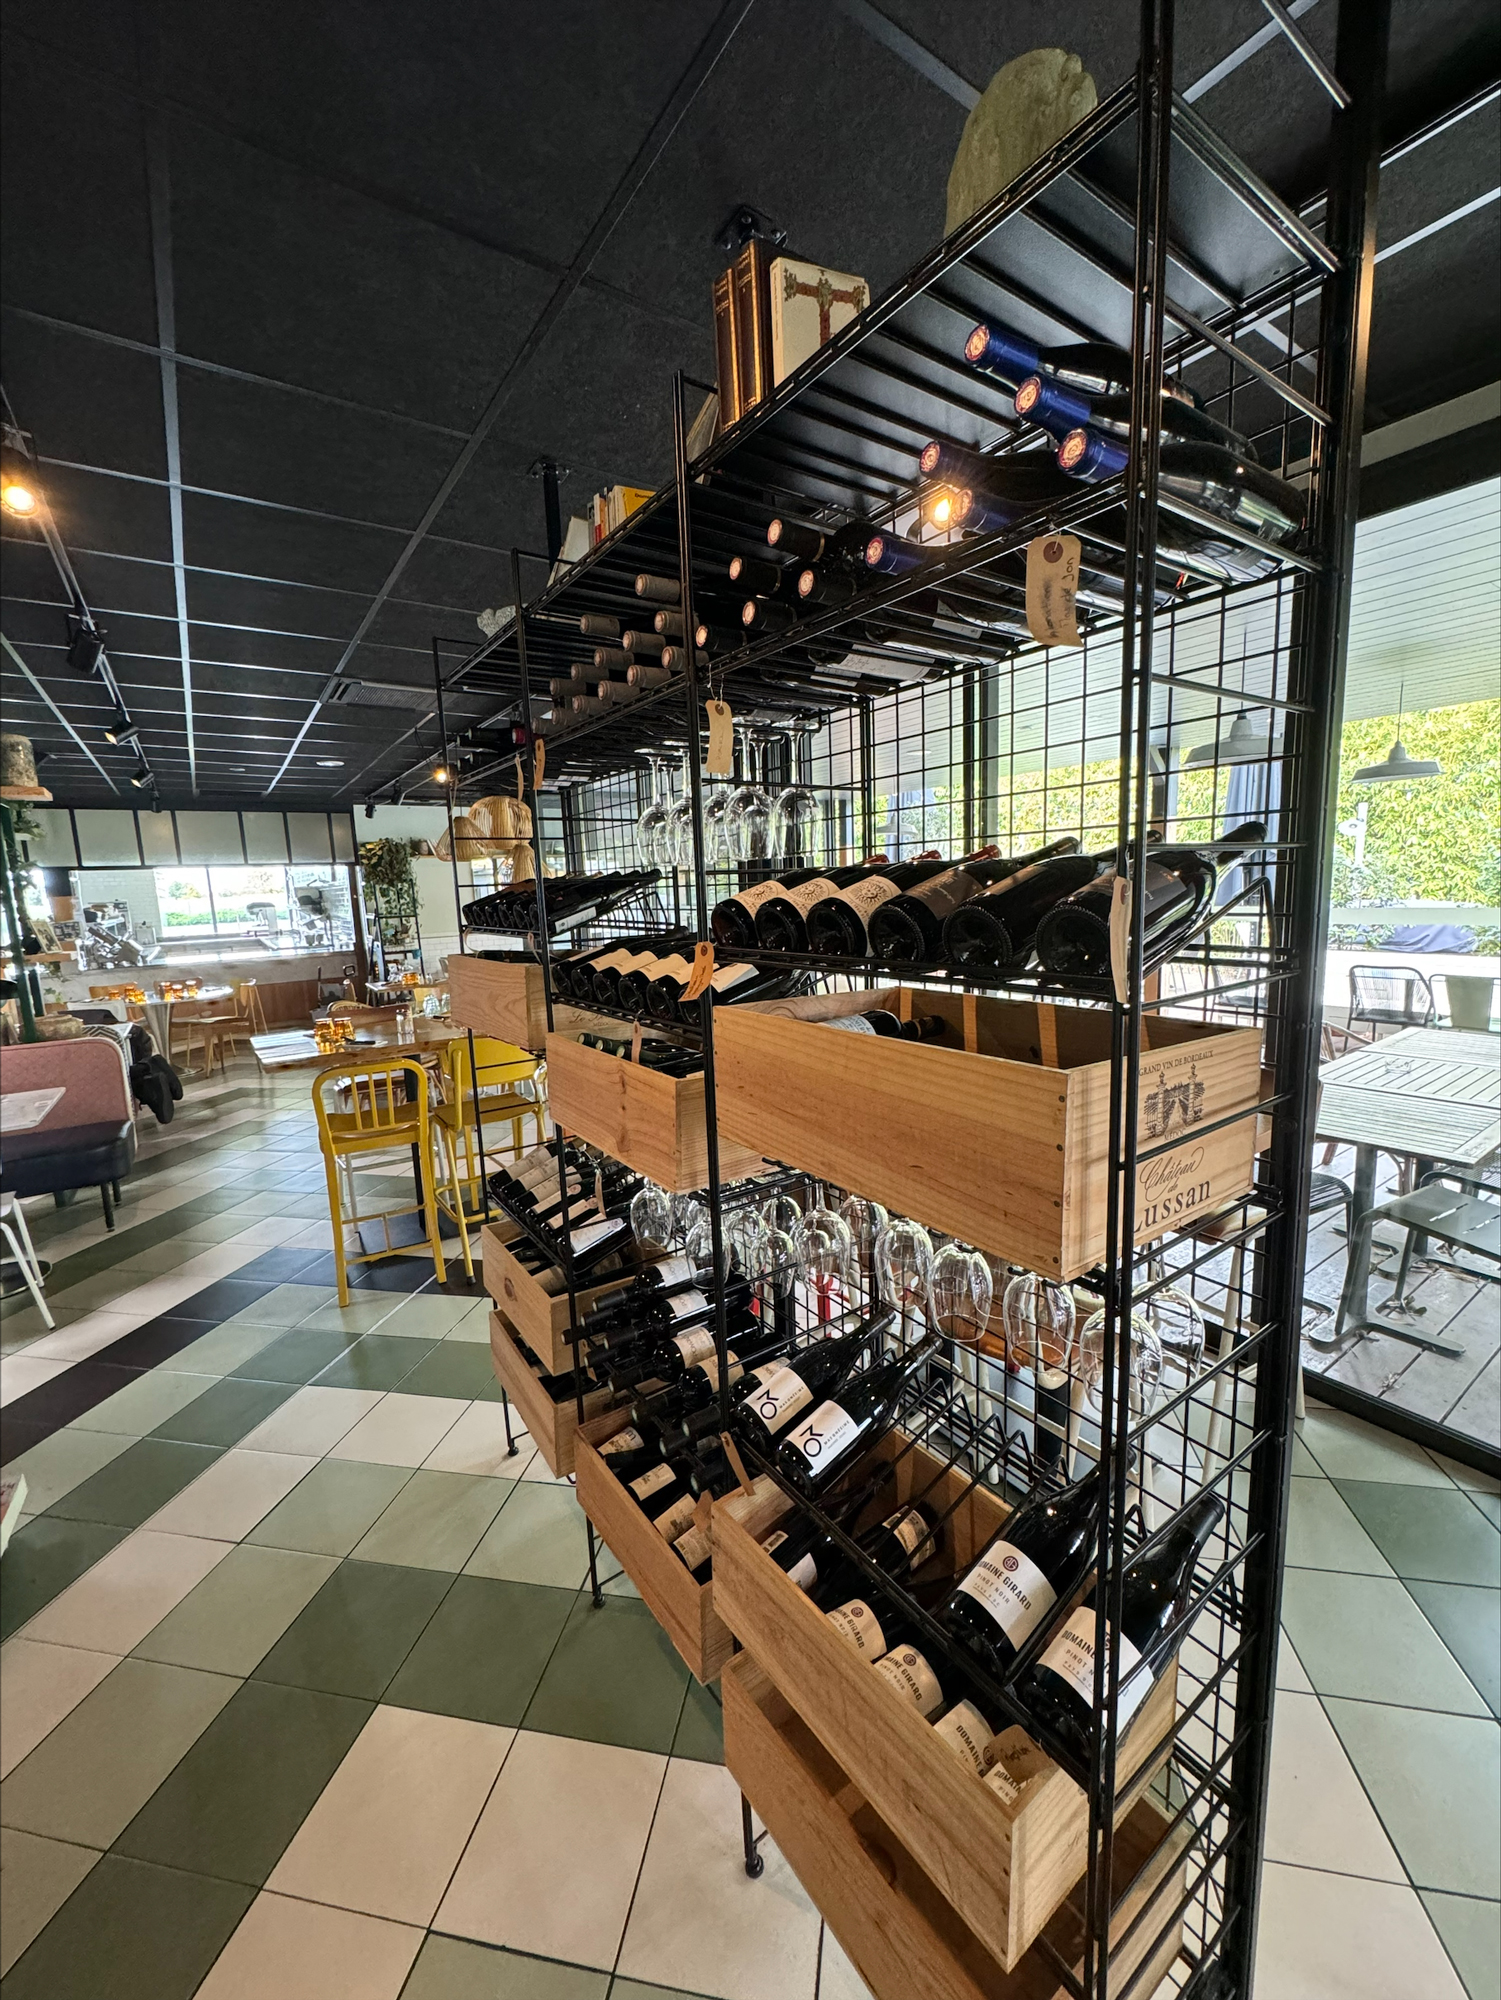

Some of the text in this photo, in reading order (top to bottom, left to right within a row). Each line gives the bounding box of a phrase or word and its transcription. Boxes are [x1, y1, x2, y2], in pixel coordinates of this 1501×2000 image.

[1139, 1050, 1214, 1076] GRAND VIN DE BORDEAUX
[1139, 1146, 1204, 1202] Château
[977, 1573, 1010, 1604] PINOT NOIR
[1002, 1576, 1031, 1610] GIRARD
[847, 1619, 865, 1649] GIRARD
[1066, 1649, 1087, 1668] PINOT
[901, 1668, 923, 1701] GIRARD

* [What you need to do]:
The entire listing above, minus its pictures, should be copied out exactly.

* [Output for this exercise]:
Some of the text in this photo, in reading order (top to bottom, left to right within a row). Each line gives the bounding box of a phrase or word and its transcription. Boxes are [x1, y1, x2, y2], in pixel coordinates of this 1501×2000 image.

[1139, 1050, 1214, 1076] GRAND VIN DE BORDEAUX
[1139, 1146, 1204, 1202] Château
[977, 1573, 1010, 1604] PINOT NOIR
[1002, 1576, 1031, 1610] GIRARD
[847, 1619, 865, 1649] GIRARD
[1066, 1649, 1087, 1668] PINOT
[901, 1668, 923, 1701] GIRARD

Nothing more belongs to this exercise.